──────── Given information

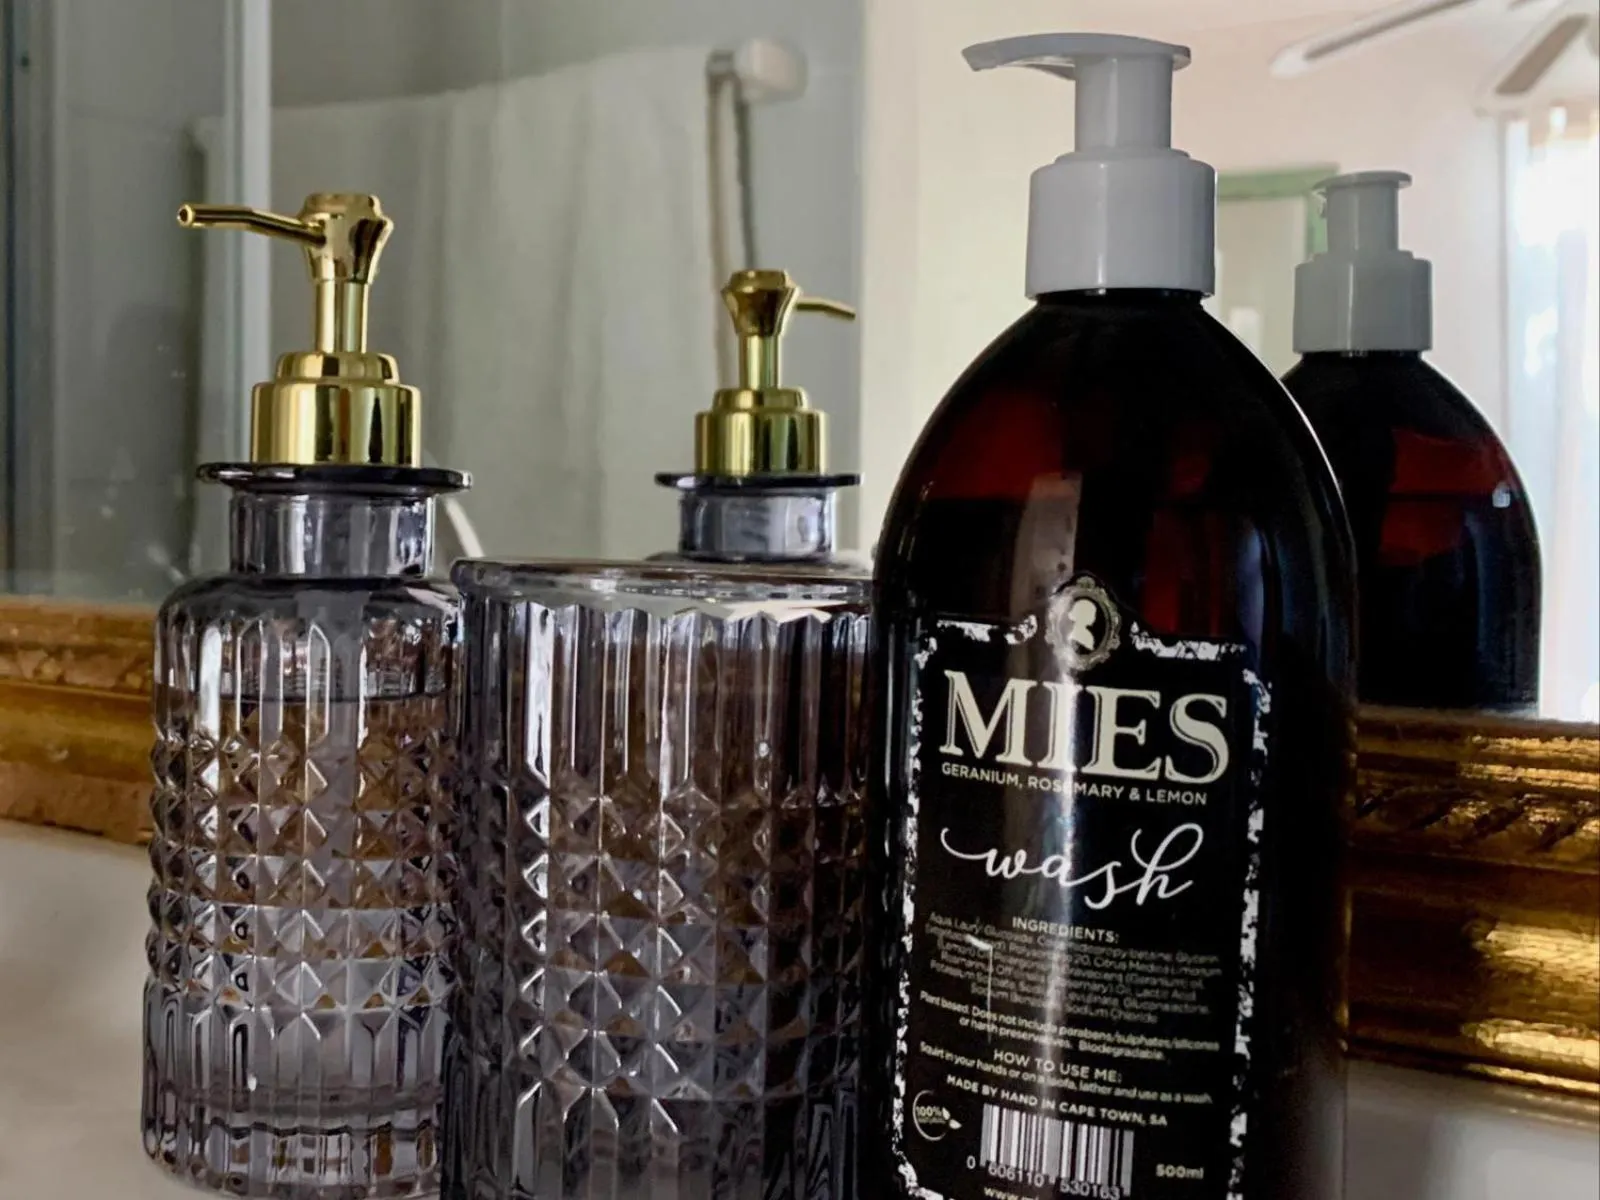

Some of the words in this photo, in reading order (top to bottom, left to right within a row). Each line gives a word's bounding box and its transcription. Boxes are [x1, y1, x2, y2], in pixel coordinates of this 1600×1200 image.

[939, 669, 1229, 784] MIES
[941, 761, 1023, 790] GERANIUM,
[1027, 774, 1124, 802] ROSEMARY
[1128, 786, 1141, 801] &
[1145, 788, 1207, 806] LEMON
[940, 822, 1204, 909] wash
[1012, 916, 1120, 944] INGREDIENTS:
[970, 1017, 998, 1033] harsh
[971, 1005, 997, 1022] Does
[998, 1013, 1016, 1026] not
[953, 1054, 976, 1069] your
[976, 1058, 1008, 1076] hands
[1008, 1069, 1021, 1079] or
[1114, 1085, 1137, 1099] and
[993, 1048, 1031, 1067] HOW
[1035, 1057, 1055, 1073] TO
[1060, 1062, 1090, 1080] USE
[946, 1074, 979, 1093] MADE
[981, 1083, 999, 1097] BY
[1001, 1088, 1038, 1106] HAND
[1041, 1098, 1056, 1110] IN
[1059, 1101, 1096, 1117] CAPE
[1099, 1106, 1147, 1127] TOWN,
[1149, 1112, 1168, 1127] SA
[965, 1155, 976, 1170] 0
[988, 1161, 1045, 1188] 606110
[1155, 1163, 1205, 1180] 500ml
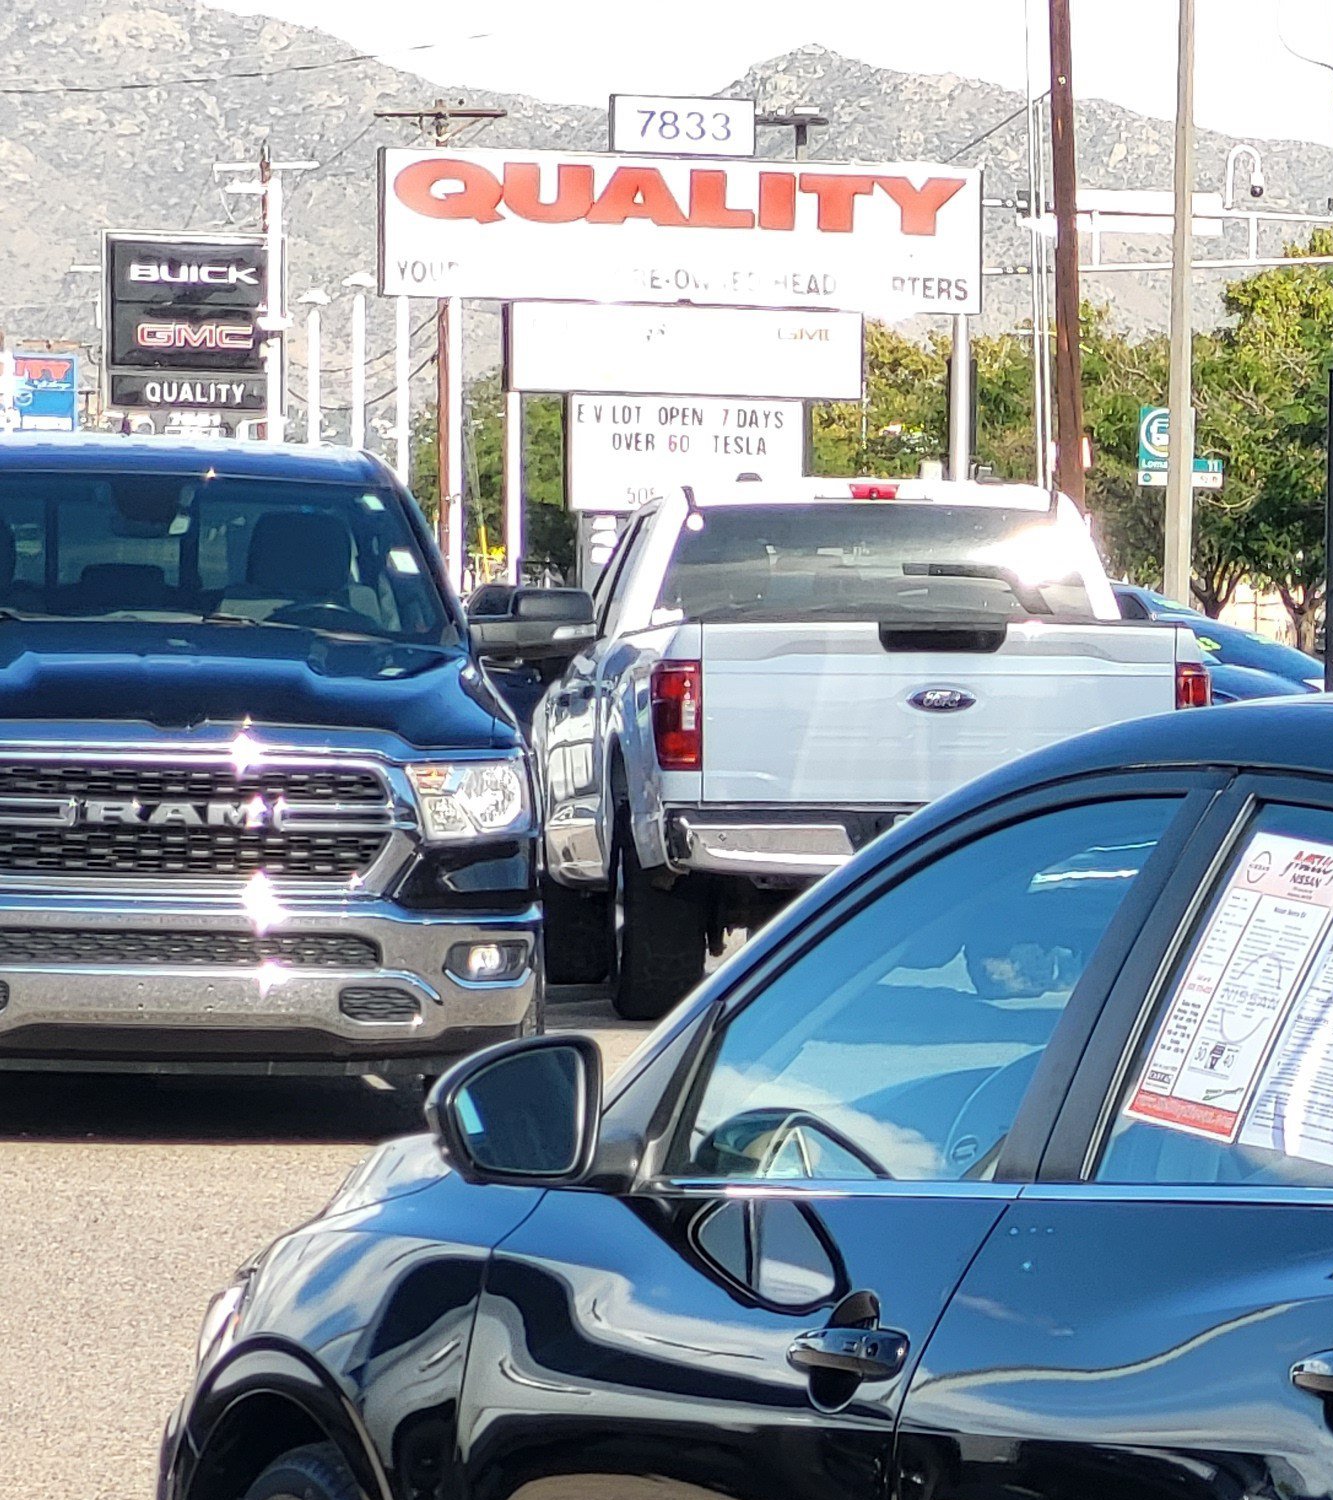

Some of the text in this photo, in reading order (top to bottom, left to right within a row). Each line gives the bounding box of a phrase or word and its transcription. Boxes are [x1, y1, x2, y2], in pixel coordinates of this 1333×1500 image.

[637, 110, 731, 142] 7833
[393, 158, 967, 237] QUALITY
[130, 262, 259, 285] BUICK
[137, 323, 254, 350] GMC
[145, 381, 246, 405] QUALITY
[612, 405, 642, 425] LOT
[658, 406, 703, 426] OPEN
[722, 408, 729, 427] 7
[737, 408, 784, 429] DAYS
[612, 432, 767, 456] OVER 60 TESLA
[86, 799, 266, 828] RAM

────────────────

Exercise details: Copy out the whole listing word for word, except for any picture it includes.

Reply:
Some of the words in this photo, in reading order (top to bottom, left to right within a row). Each line gives a word's bounding box and its transcription. Boxes are [x1, y1, x2, y2], in pixel coordinates of this 1600×1200 image.

[939, 669, 1229, 784] MIES
[941, 761, 1023, 790] GERANIUM,
[1027, 774, 1124, 802] ROSEMARY
[1128, 786, 1141, 801] &
[1145, 788, 1207, 806] LEMON
[940, 822, 1204, 909] wash
[1012, 916, 1120, 944] INGREDIENTS:
[970, 1017, 998, 1033] harsh
[971, 1005, 997, 1022] Does
[998, 1013, 1016, 1026] not
[953, 1054, 976, 1069] your
[976, 1058, 1008, 1076] hands
[1008, 1069, 1021, 1079] or
[1114, 1085, 1137, 1099] and
[993, 1048, 1031, 1067] HOW
[1035, 1057, 1055, 1073] TO
[1060, 1062, 1090, 1080] USE
[946, 1074, 979, 1093] MADE
[981, 1083, 999, 1097] BY
[1001, 1088, 1038, 1106] HAND
[1041, 1098, 1056, 1110] IN
[1059, 1101, 1096, 1117] CAPE
[1099, 1106, 1147, 1127] TOWN,
[1149, 1112, 1168, 1127] SA
[965, 1155, 976, 1170] 0
[988, 1161, 1045, 1188] 606110
[1155, 1163, 1205, 1180] 500ml

Some of the text in this photo, in reading order (top to bottom, left to right within a row). Each line gives the bounding box of a phrase or word and its transcription. Boxes are [x1, y1, x2, y2], in pixel coordinates of this 1333×1500 image.

[637, 110, 731, 142] 7833
[393, 158, 967, 237] QUALITY
[130, 262, 259, 285] BUICK
[137, 323, 254, 350] GMC
[145, 381, 246, 405] QUALITY
[612, 405, 642, 425] LOT
[658, 406, 703, 426] OPEN
[722, 408, 729, 427] 7
[737, 408, 784, 429] DAYS
[612, 432, 767, 456] OVER 60 TESLA
[86, 799, 266, 828] RAM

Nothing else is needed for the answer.